Americans are always looking to save money on gas or transportation costs in general. The good news is that many cost-saving measures are also great for the environment. Cars and trucks are to blame for nearly one-fifth of all U.S. emissions, releasing 24 pounds of carbon dioxide and other greenhouse gases for every gallon of gasoline. Though California’s biennial smog tests have made a huge difference since the 1970s, Los Angeles still had 94 “smog days” in 2014. These are days when pollutants in the air exceeded federal regulation standards, largely due to emissions from vehicles.
Improving fuel economy is one of the best methods for reducing the huge carbon footprint caused by American cars. From your choice of vehicle to keeping it in good working condition, there are plenty of easy ways to cut costs as well as emissions. Here are four green tips to save drivers money.
1. Stop driving so much
Drivers, relative to those who used other modes of transit, create an incredible amount of pollution in addition to spending a lot of money. If you aren’t able to completely give up driving, you can save money and the environment by finding ways to drive less, such as combining errands, carpooling with friends, staying in your neighborhood, or altering your daily commute. According to a 2013 report by the Natural Resources Defense Council (NRDC), a single commuter who integrates carpooling, public transit, and telecommuting into his or her daily routine could save more than $1,800 annually. If 25% percent of Americans adopted one of these alternative commuting choices, annual transportation greenhouse gas emissions could be reduced by 3% to 12% and transportation fuel use could be reduced by billions of gallons.

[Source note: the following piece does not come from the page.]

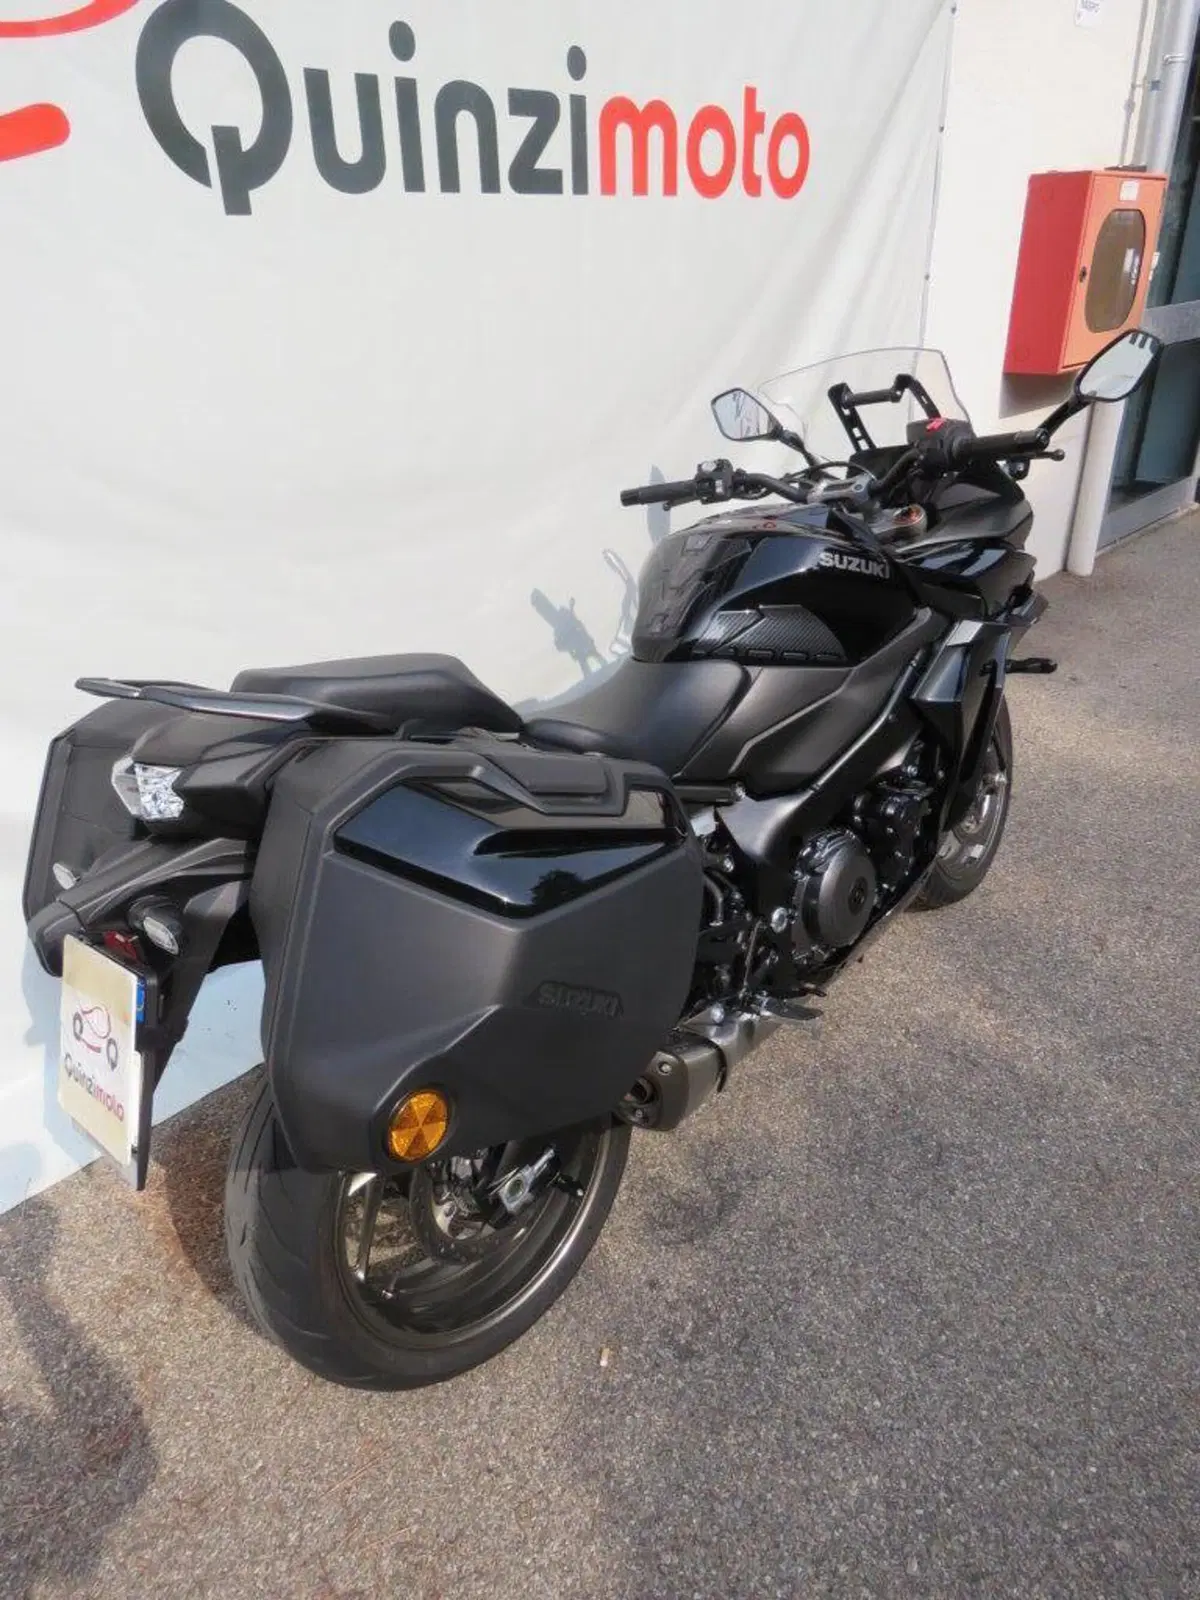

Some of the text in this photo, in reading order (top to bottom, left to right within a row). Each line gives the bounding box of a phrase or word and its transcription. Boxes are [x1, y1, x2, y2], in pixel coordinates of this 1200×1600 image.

[135, 0, 810, 215] Quinzimoto
[819, 551, 890, 579] SUZUKI
[64, 1052, 125, 1122] Quinzimoto

2. Drive a fuel-efficient vehicle
Choosing a car that gets 20 MPG rather than 30 MPG can cost $645 more per year, according to the EPA. That amounts to $3,225 in extra fuel costs over five years. Electric vehicles and hybrids are an eco-friendly, money-saving choice, and they can even get you a better deal on car insurance. If you are looking at cheaper price brackets, manual vehicles also tend to be more fuel-efficient and are easier to find used than hybrids or electric cars. You can also try the “find a car” tool at fueleconomy.gov to search vehicles by MPG.
3. Change the way you drive
Fueleconomy.gov identifies a number of ways you can improve your car’s efficiency by changing how you drive. Avoid idling, riding the brakes, excess weight, speeding, and hauling cargo on your roof, which impacts wind resistance. Even simply driving more smoothly, rather than jerking to a stop and start, can save a significant amount of gas. Cruise control is an efficient choice for highway driving, and turning off the A/C makes a major difference. Today, there are even mobile apps available to help you drive in a manner that increases your fuel economy.
4. Take good care of your car
In addition to extending the life of your car and improving its performance, regular auto maintenance and repairs save drivers money in the long run. According to the EPA, routine maintenance including changing the air filter, changing the oil, proper alignment, and keeping tires correctly inflated can improve fuel efficiency by as much as 19%. A broken or missing gas cap can also cost drivers a lot of money. A significant amount of gasoline is actually vaporized if your gas cap doesn’t fit correctly, and that’s hard on both your wallet and the environment. Faulty sensors, such as the oxygen sensor, could be affecting your fuel economy as well, so don’t ignore your car’s check engine light.